Clostridium sordellii infection
Clostridium sordellii [klaw–strĭ–dee–um sore–dell–ee–i] (also called C. sordellii) is a rare bacterium that causes pneumonia, endocarditis, arthritis, peritonitis, and myonecrosis. C. sordellii bacteremia and sepsis occur rarely. Most cases of sepsis from C. sordellii occur in patients with underlying conditions. Severe toxic shock syndrome among previously healthy persons has been described in a small number of C. sordellii cases, most often associated with gynecologic infections in women and infection of the umbilical stump in newborns.
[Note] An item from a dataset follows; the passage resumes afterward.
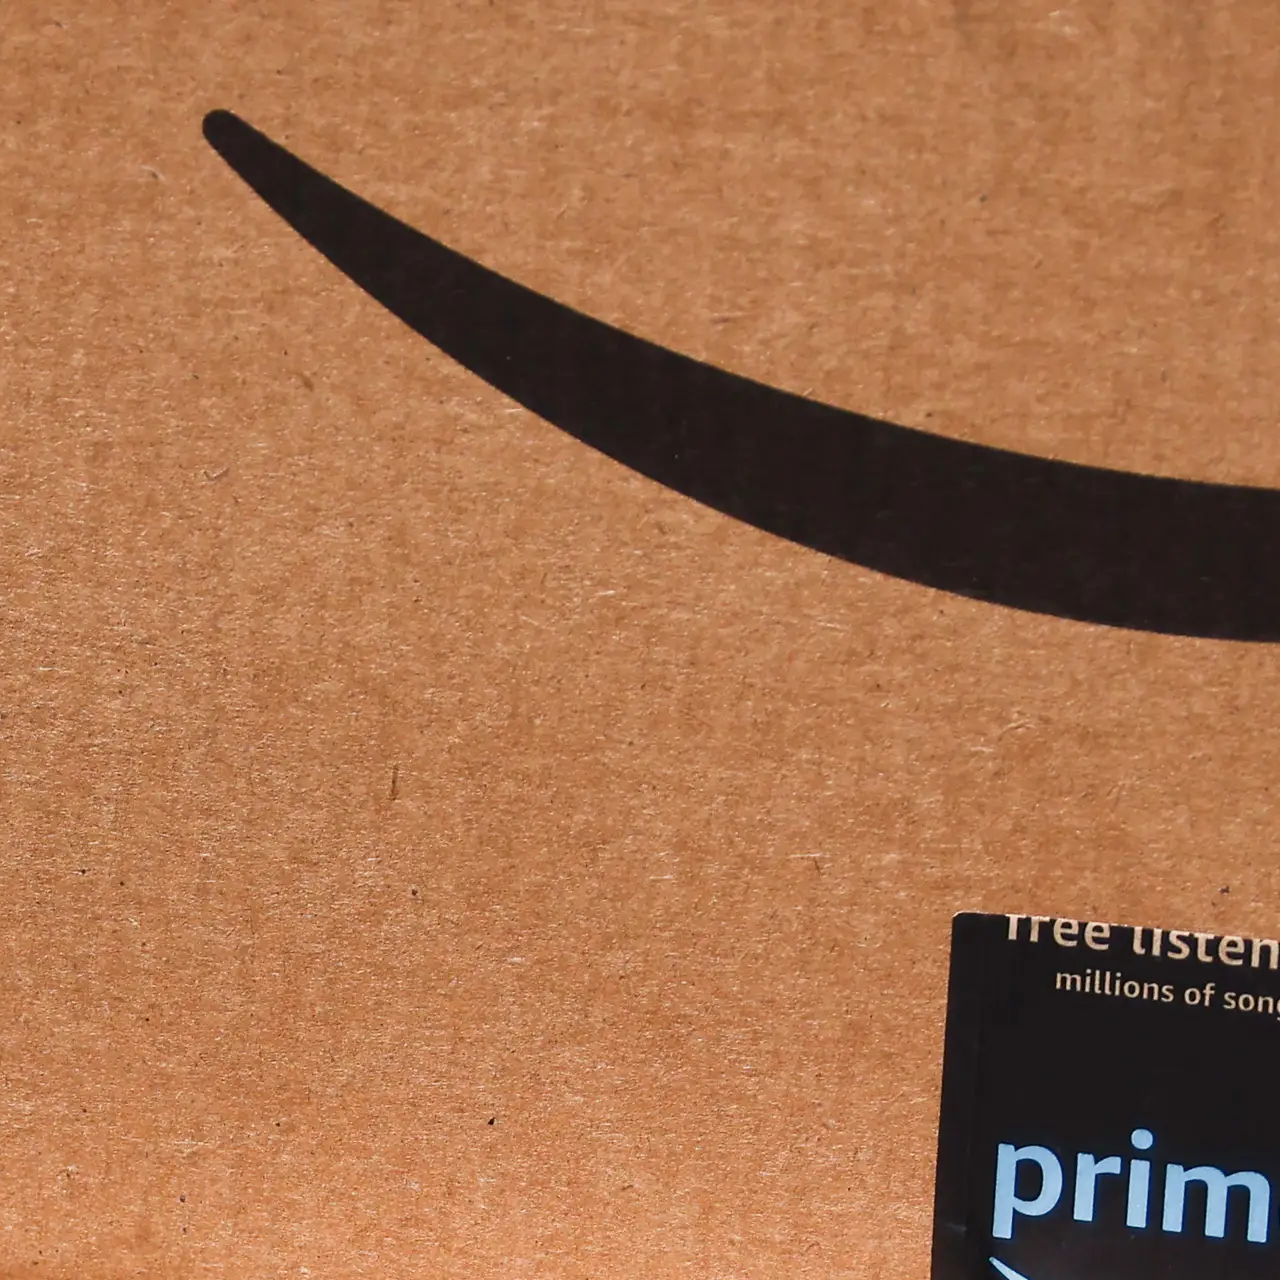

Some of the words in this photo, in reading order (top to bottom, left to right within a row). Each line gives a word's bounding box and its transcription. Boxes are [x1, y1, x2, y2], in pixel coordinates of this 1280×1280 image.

[1005, 914, 1111, 950] free
[1055, 968, 1175, 1002] millions
[1184, 982, 1216, 1007] of
Women are at highest risk of infection from C. sordellii following the end of pregnancy, whether that pregnancy ended in a live birth, induced abortion (medical or surgical), or spontaneous abortion (miscarriage). Fatal infections with C. sordellii and C. perfringens have occurred after medical abortion. In some cases, women can carry the bacteria, but not be infected (known as colonization). The rate of vaginal colonization (when bacteria are present, but not causing an infection) with Clostridium species in the period after abortion has been reported to be as high as 29%, whereas these bacteria have been isolated in the vaginal secretions of 5%-10% of non-pregnant women. Researchers continue to study what percentage of women carries vaginal or rectal C. sordellii and C. perfringens before and after abortion, as well as during pregnancy.
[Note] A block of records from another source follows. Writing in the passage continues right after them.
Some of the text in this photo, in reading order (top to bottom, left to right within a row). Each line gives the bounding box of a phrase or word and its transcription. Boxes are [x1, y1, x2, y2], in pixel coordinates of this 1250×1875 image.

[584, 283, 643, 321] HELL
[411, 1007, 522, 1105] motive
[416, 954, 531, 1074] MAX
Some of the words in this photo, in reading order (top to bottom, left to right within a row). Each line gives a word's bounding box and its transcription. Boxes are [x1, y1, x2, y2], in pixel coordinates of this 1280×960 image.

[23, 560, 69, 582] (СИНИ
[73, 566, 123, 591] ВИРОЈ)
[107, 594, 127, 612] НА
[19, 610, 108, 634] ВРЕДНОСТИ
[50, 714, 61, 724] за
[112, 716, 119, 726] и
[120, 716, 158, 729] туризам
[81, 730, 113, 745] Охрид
Symptoms of a C. sordellii infection include nausea, vomiting, diarrhea, and sometimes abdominal pain without fever. These symptoms often can occur in women after live birth or following a spontaneous, medical, or surgical abortion, so it is important to see a healthcare provider for further tests if someone is symptomatic.
It is not known how C. sordellii is spread between persons or from the environment to persons. Other similar Clostridium species are spread from person to person and sometimes contaminated surfaces are involved in this transmission.
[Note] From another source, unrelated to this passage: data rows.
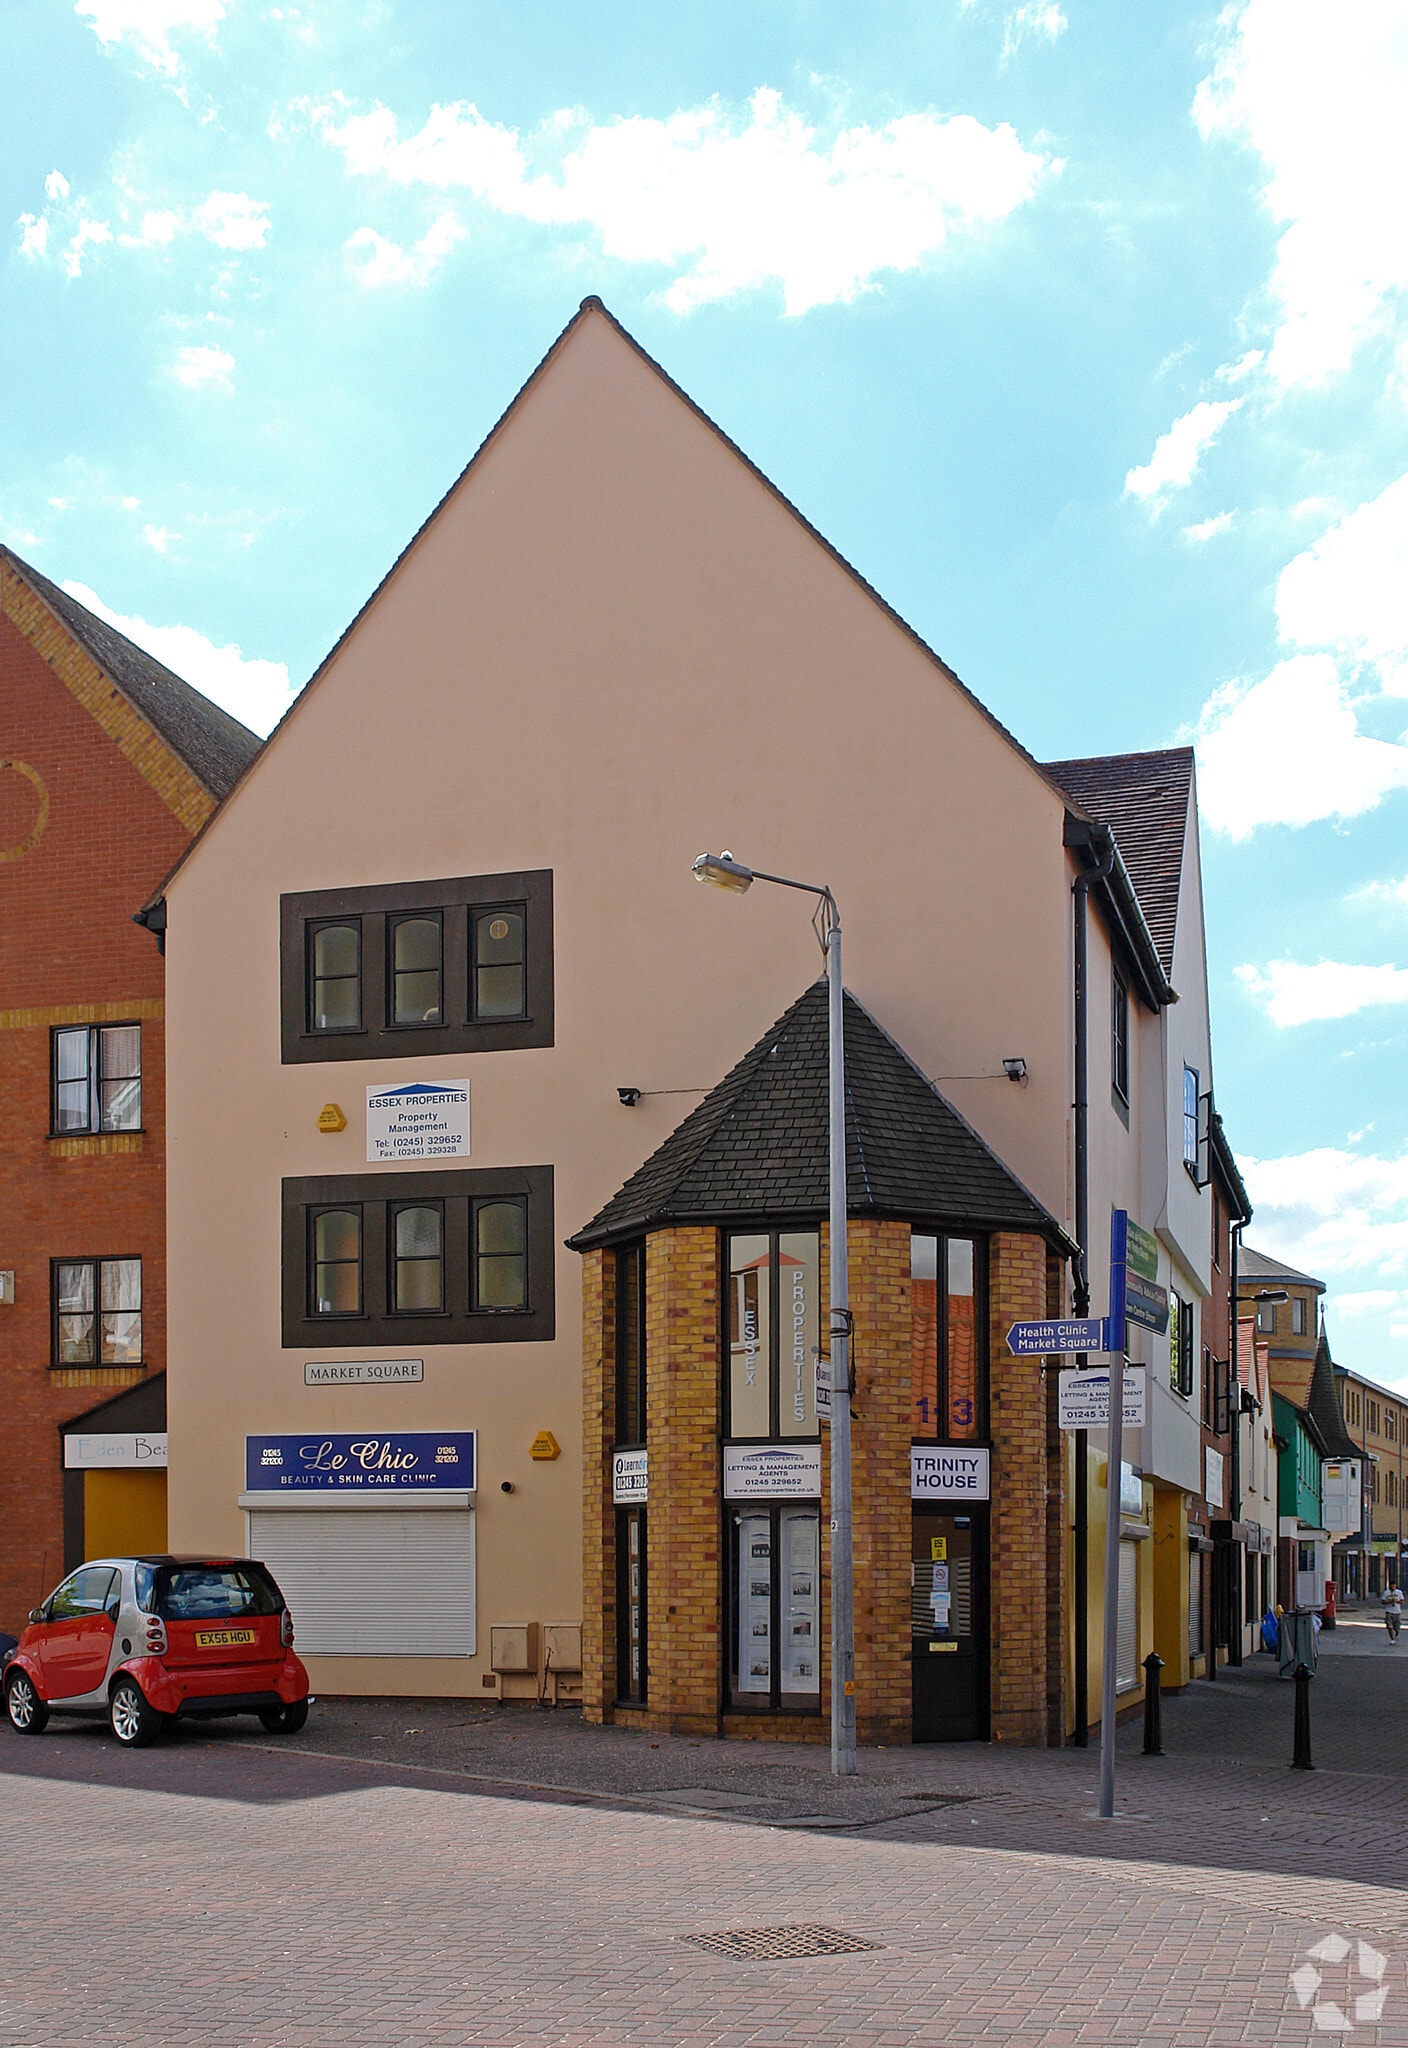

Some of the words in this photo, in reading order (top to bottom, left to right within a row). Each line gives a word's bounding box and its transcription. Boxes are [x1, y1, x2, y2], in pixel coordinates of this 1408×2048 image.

[369, 1097, 401, 1108] ESSEX
[406, 1093, 467, 1105] PROPERTIES
[398, 1112, 438, 1123] Property
[388, 1122, 448, 1134] Management
[375, 1139, 389, 1148] Tel:
[393, 1136, 423, 1148] (0245)
[427, 1135, 462, 1145] 329652
[379, 1149, 395, 1158] Fax:
[398, 1147, 424, 1157] (0245)
[427, 1146, 457, 1155] 329328
[1018, 1326, 1054, 1338] Health
[1058, 1325, 1088, 1336] Clinic
[744, 1310, 756, 1386] ESSEX
[792, 1271, 806, 1422] PROPERTIES
[1018, 1339, 1056, 1349] Market
[1060, 1338, 1098, 1348] Square
[310, 1367, 363, 1380] MARKET
[367, 1366, 418, 1378] SQUARE
[1100, 1410, 1137, 1418] 3252
[78, 1439, 124, 1460] Eden
[262, 1448, 281, 1456] 01245
[300, 1441, 348, 1470] Le
[350, 1440, 418, 1470] Chic
[437, 1446, 456, 1454] 01245
[260, 1456, 284, 1466] 321200
[434, 1454, 458, 1464] 321200
[914, 1458, 979, 1472] TRINITY
[280, 1475, 323, 1484] BEAUTY
[328, 1475, 334, 1484] &
[338, 1474, 363, 1484] SKIN
[367, 1474, 396, 1483] CARE
[401, 1474, 437, 1483] CLINIC
[916, 1474, 978, 1488] HOUSE
[200, 1632, 228, 1644] EX56
[230, 1632, 250, 1642] HGU
Early diagnosis of Clostridium sordellii infection is problematic because the symptoms are broad and present in many other diseases—sometimes they do not even appear in infected hosts . Diagnostic tests for C. sordellii are not aggressively pursued, even after childbirth or gynecological procedures, because the local infection does not appear until hours after the disease has progressed . Earlier diagnosis among injection drug users is more common than in other cases of infection, however, because of the apparent swelling, pain and redness at the site of injection . These patients have surgical intervention at the dermis of the skin in order to obtain specimens for culture and Gram stain . CT and MRI scans may also be conducted to investigate swelling of infected areas. The early diagnosis of injection drug users strongly correlates with a lower mortality rate of those infected with C. sordellii. Health care providers should suspect a C. sordellii infection in patients who present with early disease symptoms, but are afebrile .Generally, vigorous diagnostic tests are pursued when patients have hypotension and tachycardia . When hypotension develops, physicians may order complete blood cell counts which disclose leukemoid reaction and hematocrit levels . C. sordellii infections are systematic; therefore, liver function value tests are necessary to know the levels of bilirubin, alanine aminotransferase, and alkaline phosphatase . Diagnostic tests for the heart, kidney, lung, and other organ functions may also be performed to check the extent of the spread of C. sordellii throughout the body.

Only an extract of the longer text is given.